A Noiva de Frankenstein (1935)
Em time que está ganhando não se mexe. Assim, James Whale, prata da casa da Universal nesta fase, havia criado dois filmes sobre cientistas loucos e seus experimentos inconcebíveis, que desafiavam a razão e as leis dos homens. O Homem Invisível fez sucesso, mas não se tornou um ícone como Frankenstein. Assim, o estúdio resolveu manter Whale perto de sua criação para um novo round com o monstro zumbi que é feito de partes de cadáveres. A opção foi por uma sequência. Uma que muitos afirmam ser ainda melhor do que o original. Usado como complemento do texto que Mary Shelley havia escrito para o livro original, A Noiva de Frankenstein introduz a primeira personagem feminina desta galeria de clássicos monstros, imortalizada por uma performance inesquecível de Elsa Lanchester. Novamente trazendo Karloff como o monstro, a história mostra o mesmo cientista louco criando uma companheira para seu “filho”.
O Lobisomem (1941)
Embora seja considerado parte da “tríade” dos monstros, ao lado de Drácula e Frankenstein, O Lobisomem não foi pensando logo de início para compor esse time terrivelmente assustador. Pelo contrário, nos primórdios, na década de 1930, outros seres macabros chegaram antes dele como pilares da franquia no estúdio: vide A Múmia, O Homem Invisível e A Noiva de Frankenstein. O homem lobo só seria revelado dez anos depois do início de tudo, em 1941, numa nova década. Novamente apostando numa ideia original, assim como A Múmia, O Lobisomem era criado a partir de um roteiro e não de um romance clássico. Na trama, Larry Talbot (Lon Chaney Jr.) é amaldiçoado ao ser mordido por um lobo, se transformando assim numa criatura metade homem, metade lobo, quando a lua cheia ganha os céus. Uma criatura irracional que é puro instinto assassino e que pode vir a dilacerar qualquer pessoa, inclusive os que o homem por trás do lobo ama. O monstro fez tanto sucesso que apareceria em encontros ao lado de Frankenstein e Drácula, se tornando assim uma das criaturas mais populares do estúdio.

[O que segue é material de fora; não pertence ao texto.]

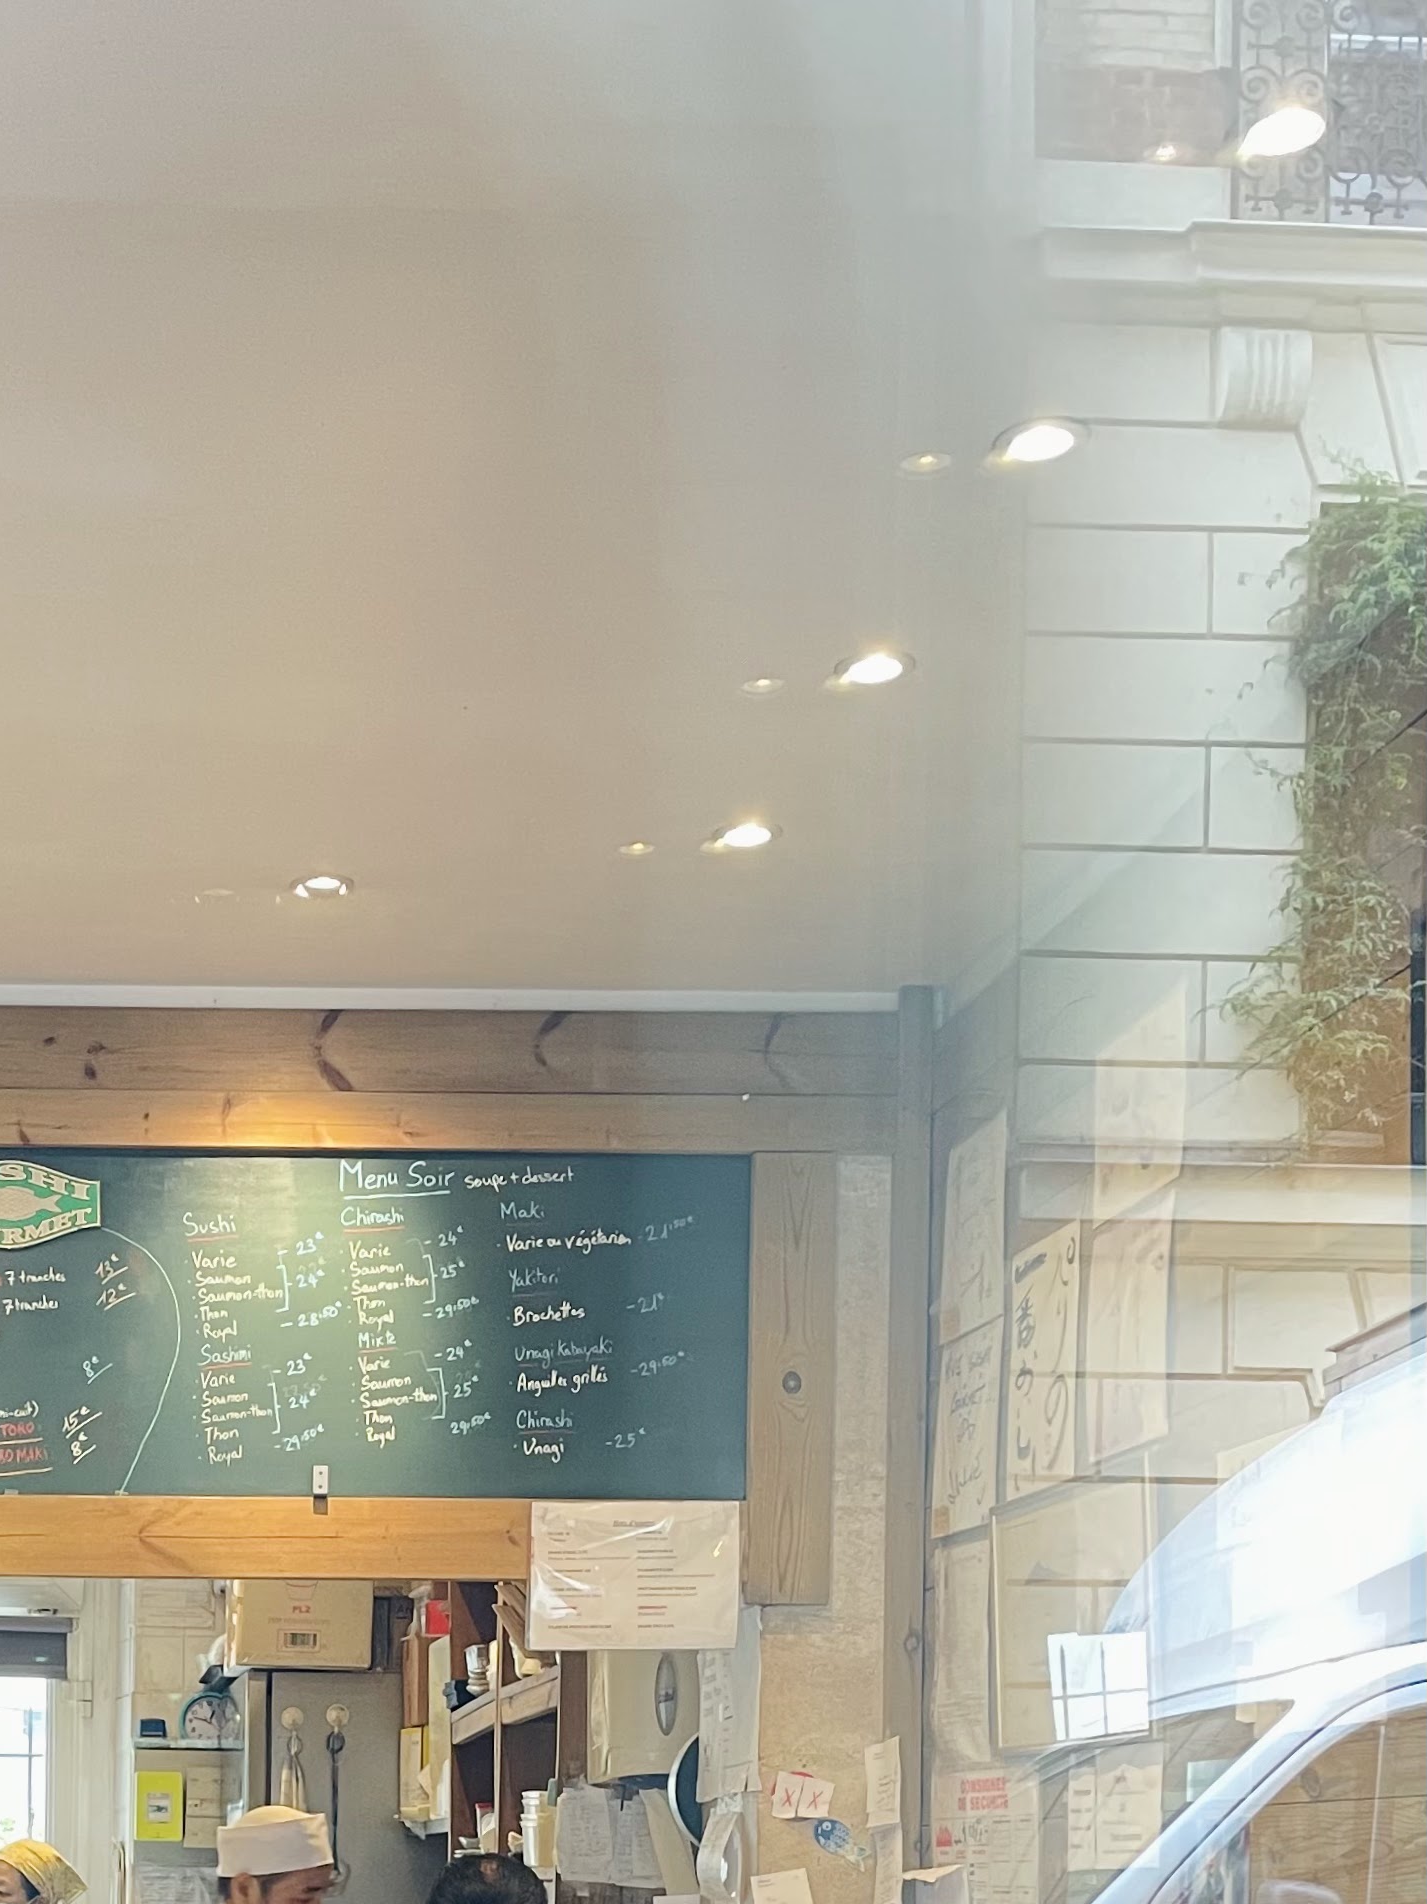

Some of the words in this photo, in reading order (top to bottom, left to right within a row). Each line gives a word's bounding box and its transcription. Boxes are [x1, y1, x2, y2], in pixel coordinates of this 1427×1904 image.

O Monstro da Lagoa Negra (1954)
Durante a década de 1940, após a introdução do muito bem sucedido Lobisomem como uma das figuras celebradas no panteão do universo de monstros do estúdio, a “tríade” (Frankenstein, Drácula e Lobisomem) estrelaram diversos crossover, que dominaram a década. Assim como outras marcas como A Múmia e O Homem Invisível seguiram gerando sequências em suas próprias linhas narrativas. Com a chegada dos anos 50, a era do terror abria espaço para o desconhecido da ficção científica. Em pleno auge dos vilões extraterrestres, a Universal apostava em uma criatura diferente para se tornar o último grande personagem desta galeria. Em 1954 surgia O Monstro da Lagoa Negra, um elo perdido entre homem e peixe, surgido das profundezas para ser estudado por cientistas. Uma curiosidade é que a continuação do filme, lançada logo no ano seguinte, trouxe um dos primeiros papeis de Clint Eastwood no cinema. Fora isso, essa criatura seria homenageada por Guillermo del Toro em A Forma da Água (2017), vencedor do Oscar de melhor filme.